Godzilla is certainly critical of the United States’ involvement in the advancement of nuclear weapons, but the film also lambasts Japan’s own war crimes. There is a common belief that Japan hasn’t properly atoned for its atrocities during the conflict, but that doesn’t mean everyone in the country shares that opinion, nor did they in 1954. Godzilla addresses the undercurrent of national guilt that existed in Japanese society following World War II.
In one of the film’s most powerful scenes, Dr. Serizawa (Akihiko Hirata) kills himself because he doesn’t want the government using the serum he created to kill the monster. That’s because he’s aware of the nation’s own fascination with chemical and biological research, which was carried out in an inhumane manner during the war.
According to Grunge, the Unit 731 project was a covert division of the Japanese Imperial Army that performed a number of cruel experiments on human guinea pigs between 1935 and 1945. Their procedures included infecting their subjects with plague, anthrax, cholera and other diseases. Some of the more horrendous experiments included vivisections and pressure chambers which caused people’s eyeballs to explode. When the operation became public knowledge after the war, many of the key people involved were pardoned by the United States and compensated for their findings.

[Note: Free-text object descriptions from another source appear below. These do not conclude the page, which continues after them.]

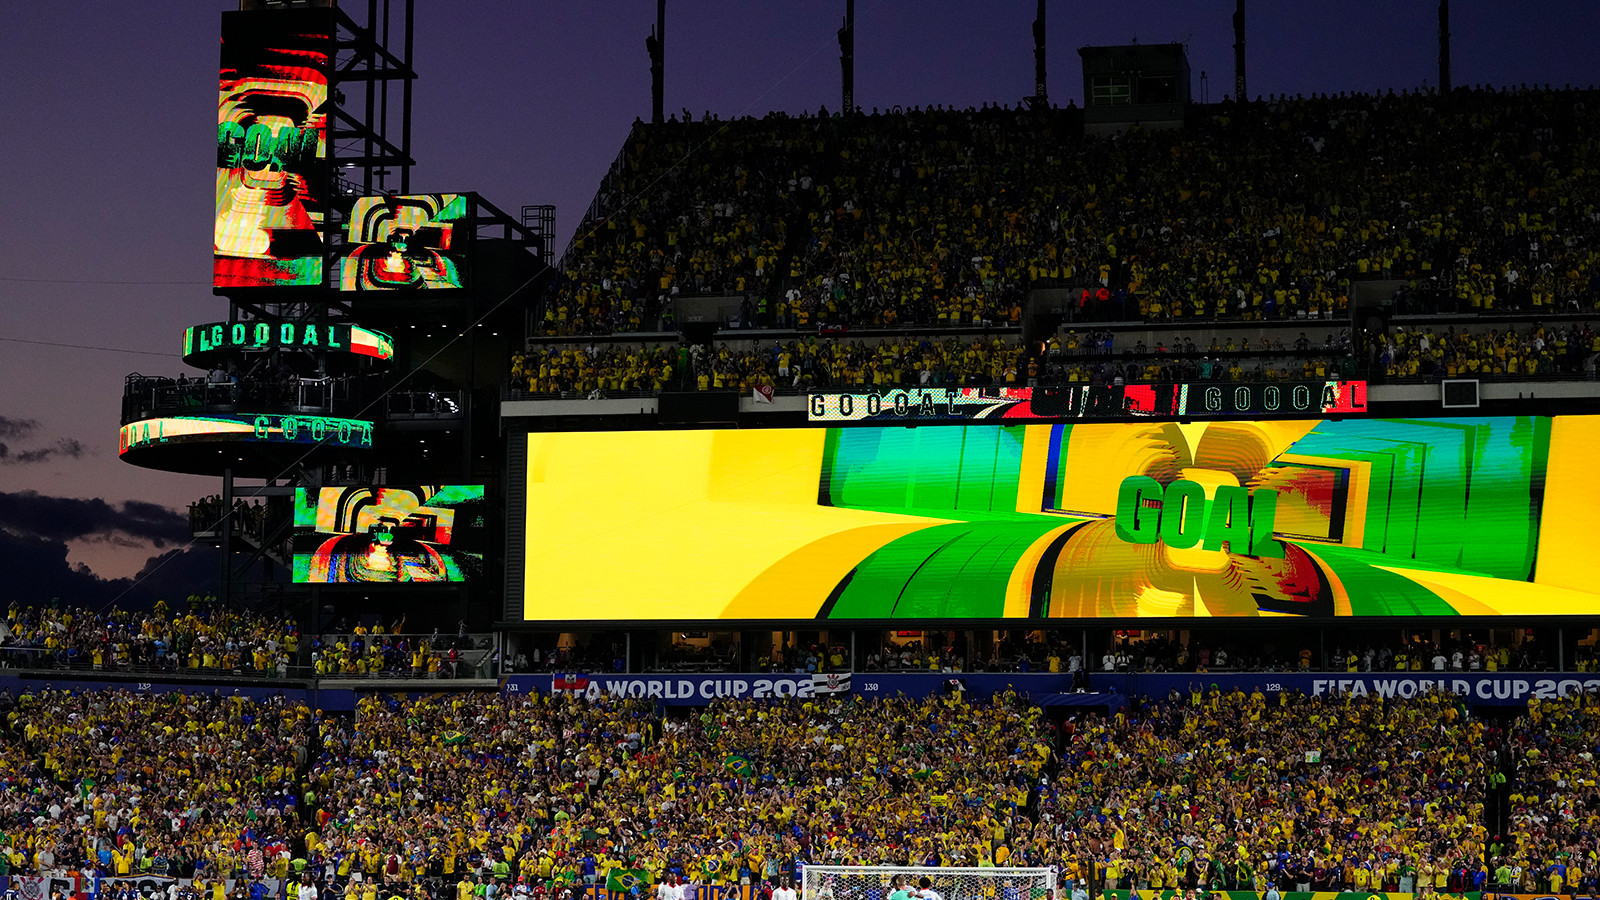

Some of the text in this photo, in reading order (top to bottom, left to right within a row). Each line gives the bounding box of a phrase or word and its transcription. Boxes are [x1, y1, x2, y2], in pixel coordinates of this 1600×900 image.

[811, 391, 963, 417] GOOOAL
[1205, 384, 1365, 412] GOOOAL
[1115, 475, 1287, 559] GOAL
[606, 679, 695, 699] WORLD
[699, 679, 748, 699] CUP
[753, 679, 816, 699] 202
[864, 682, 879, 691] 130
[1313, 679, 1368, 699] FIFA
[1476, 679, 1530, 699] CUP
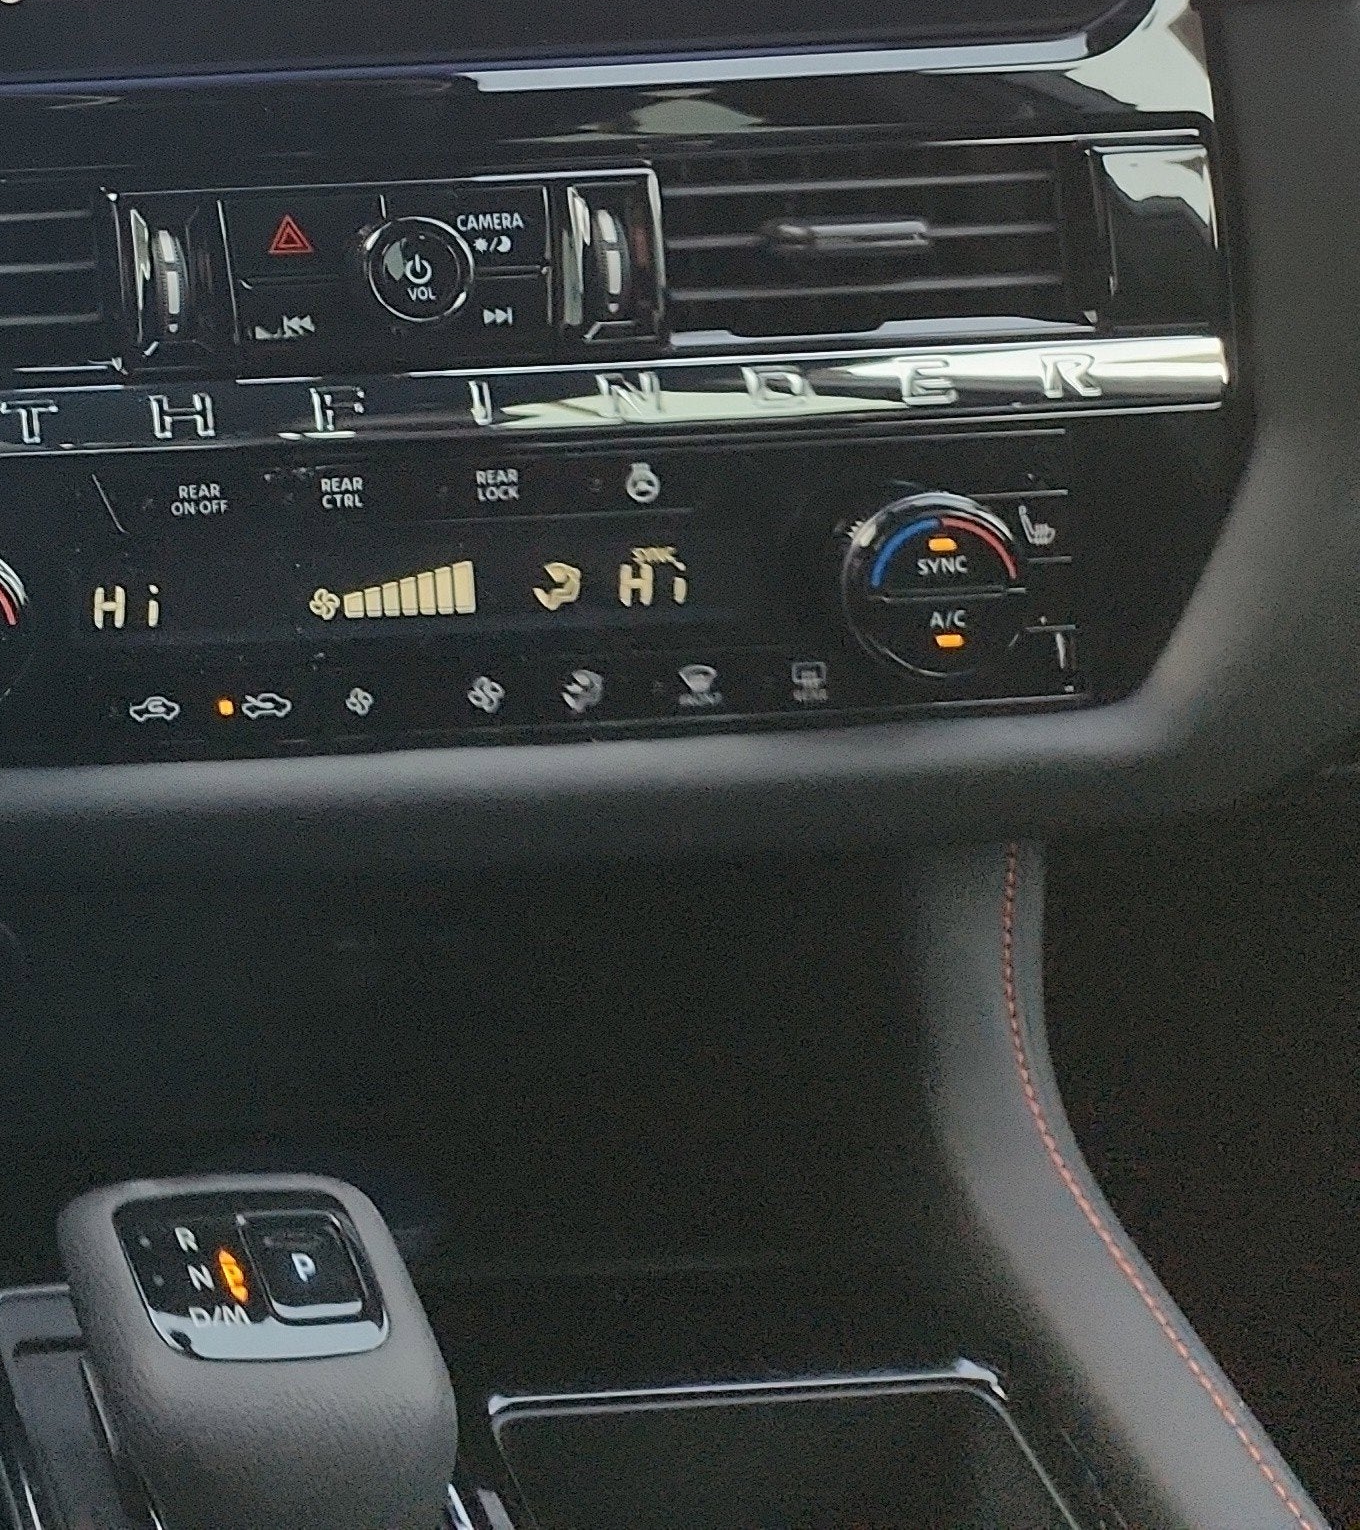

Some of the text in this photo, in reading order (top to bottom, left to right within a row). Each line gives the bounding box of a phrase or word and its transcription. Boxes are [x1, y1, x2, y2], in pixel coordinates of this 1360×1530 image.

[456, 211, 524, 231] CAMERA
[406, 286, 437, 301] VOL
[321, 477, 364, 493] REAR
[477, 469, 519, 485] REAR
[178, 484, 222, 501] REAR
[322, 492, 364, 509] CTRL
[477, 484, 520, 501] LOCK
[917, 555, 968, 576] SYNC
[930, 609, 966, 629] A/C
[174, 1226, 199, 1253] R
[291, 1252, 316, 1282] P
[188, 1264, 216, 1291] N
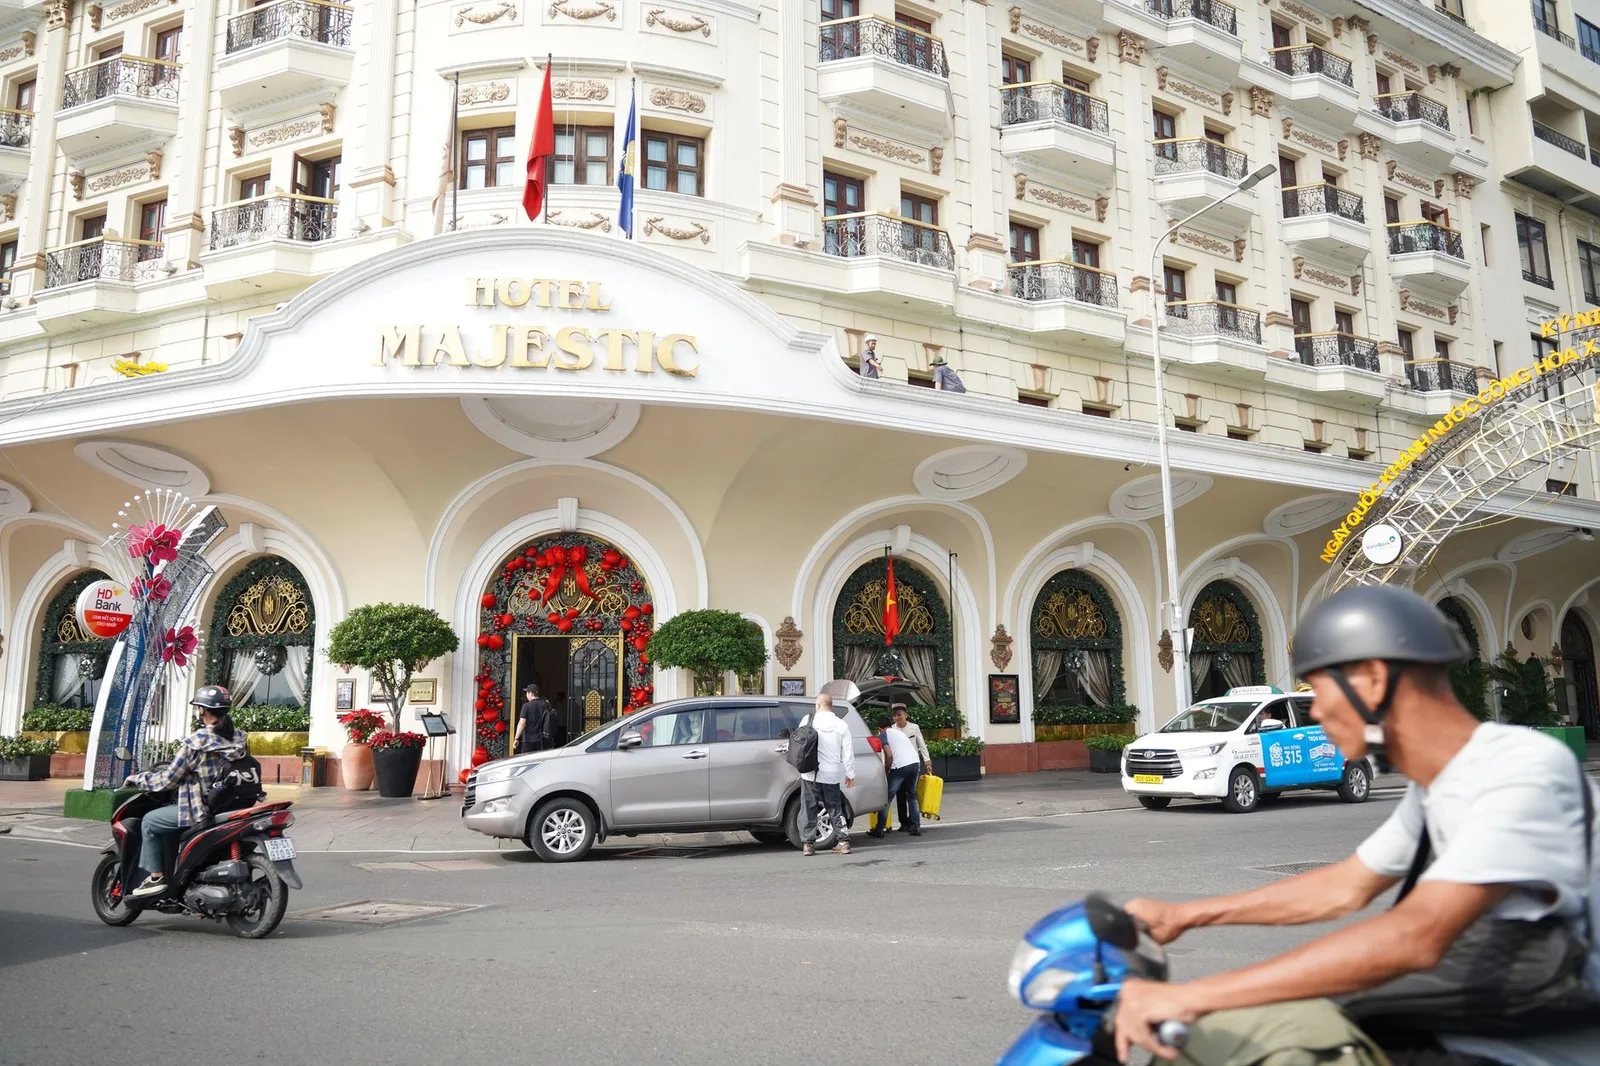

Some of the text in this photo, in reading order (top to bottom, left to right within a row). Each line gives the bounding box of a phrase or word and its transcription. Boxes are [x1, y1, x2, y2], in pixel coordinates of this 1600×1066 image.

[465, 276, 613, 312] HOTEL
[1541, 311, 1571, 338] KỶ
[372, 323, 699, 379] MAJESTIC
[1320, 521, 1351, 564] NGÀY
[1346, 482, 1385, 527] QUỐC
[1379, 433, 1433, 486] KHÁNH
[1427, 397, 1480, 441] NƯỚC
[1478, 367, 1532, 404] CỘNG
[1533, 347, 1581, 376] HÒA
[95, 599, 121, 612] Bank
[96, 588, 113, 600] HD
[1283, 750, 1303, 764] 315

Serizawa’s sacrifice in Godzilla, to ensure that the “information doesn’t fall into the wrong hands,’’ evokes memories of Unit 731. The scientist doesn’t want another dangerous creation being used to hurt more people. However, his suicide can also be interpreted as Japan’s way of dealing with its own shame for its involvement in World War II. If Godzilla tells us anything, it’s that no side is ever innocent when it comes to combat.